Please give all of the data again, character for character, and drop the pictures.

[Start of section]

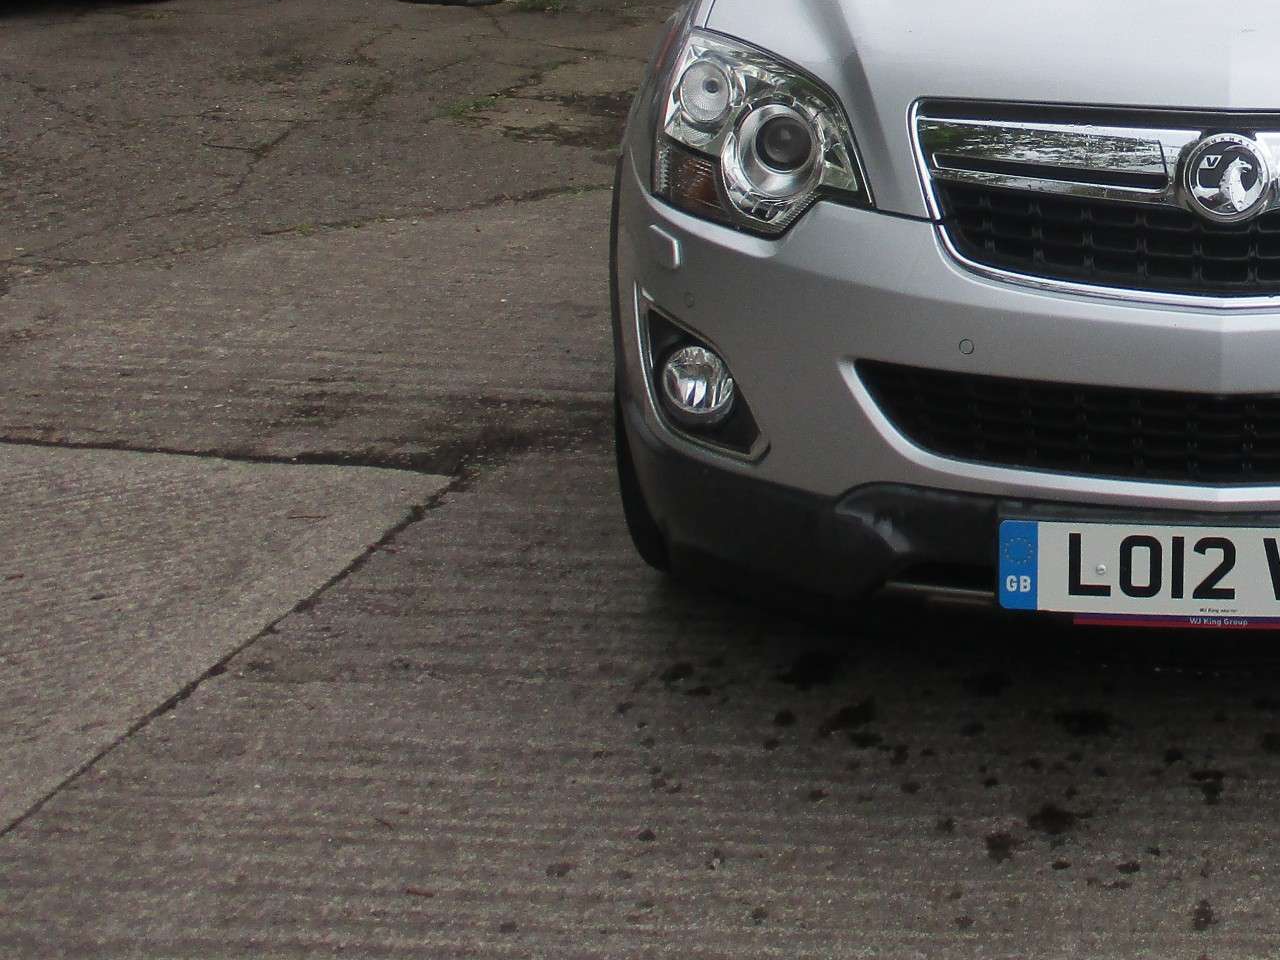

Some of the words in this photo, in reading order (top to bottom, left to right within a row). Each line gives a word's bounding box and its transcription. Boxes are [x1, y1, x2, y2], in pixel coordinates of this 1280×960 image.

[1069, 533, 1236, 599] LO12
[1007, 576, 1030, 591] GB
[1203, 617, 1221, 626] King
[1223, 618, 1248, 627] Group
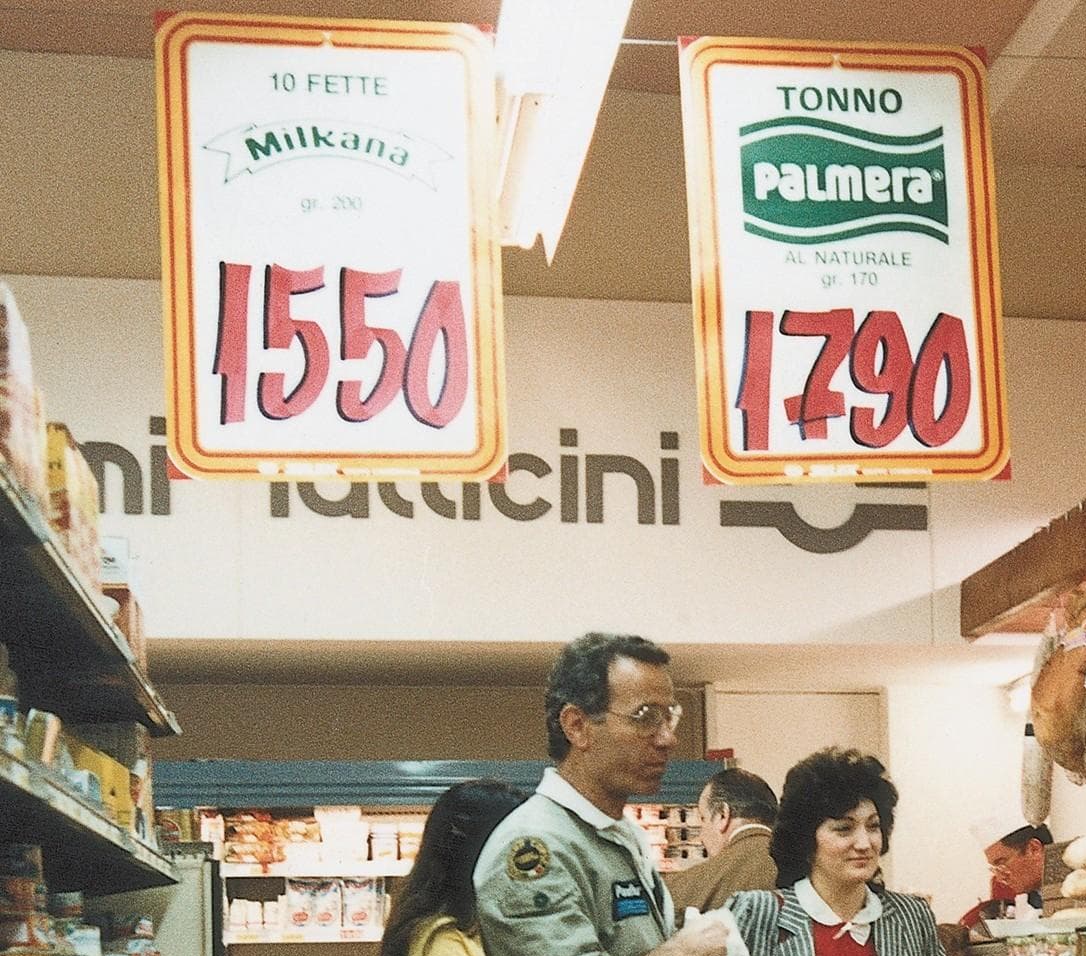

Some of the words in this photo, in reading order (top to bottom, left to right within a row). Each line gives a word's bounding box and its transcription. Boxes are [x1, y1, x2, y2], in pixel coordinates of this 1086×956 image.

[271, 73, 296, 93] 10
[307, 74, 389, 96] FETTE
[776, 86, 903, 114] TONNO
[244, 125, 411, 167] Milkana
[785, 251, 804, 266] AL
[815, 251, 912, 268] NATURALE
[821, 272, 843, 288] gr.
[850, 272, 878, 287] 170
[212, 260, 469, 429] 1550
[735, 308, 971, 450] 1790

[End of section]

OUTPUT OF THE TASK:
Some of the words in this photo, in reading order (top to bottom, left to right within a row). Each line gives a word's bounding box and its transcription. Boxes are [x1, y1, x2, y2], in pixel coordinates of this 1280×960 image.

[1069, 533, 1236, 599] LO12
[1007, 576, 1030, 591] GB
[1203, 617, 1221, 626] King
[1223, 618, 1248, 627] Group

Some of the words in this photo, in reading order (top to bottom, left to right within a row). Each line gives a word's bounding box and its transcription. Boxes are [x1, y1, x2, y2], in pixel coordinates of this 1086×956 image.

[271, 73, 296, 93] 10
[307, 74, 389, 96] FETTE
[776, 86, 903, 114] TONNO
[244, 125, 411, 167] Milkana
[785, 251, 804, 266] AL
[815, 251, 912, 268] NATURALE
[821, 272, 843, 288] gr.
[850, 272, 878, 287] 170
[212, 260, 469, 429] 1550
[735, 308, 971, 450] 1790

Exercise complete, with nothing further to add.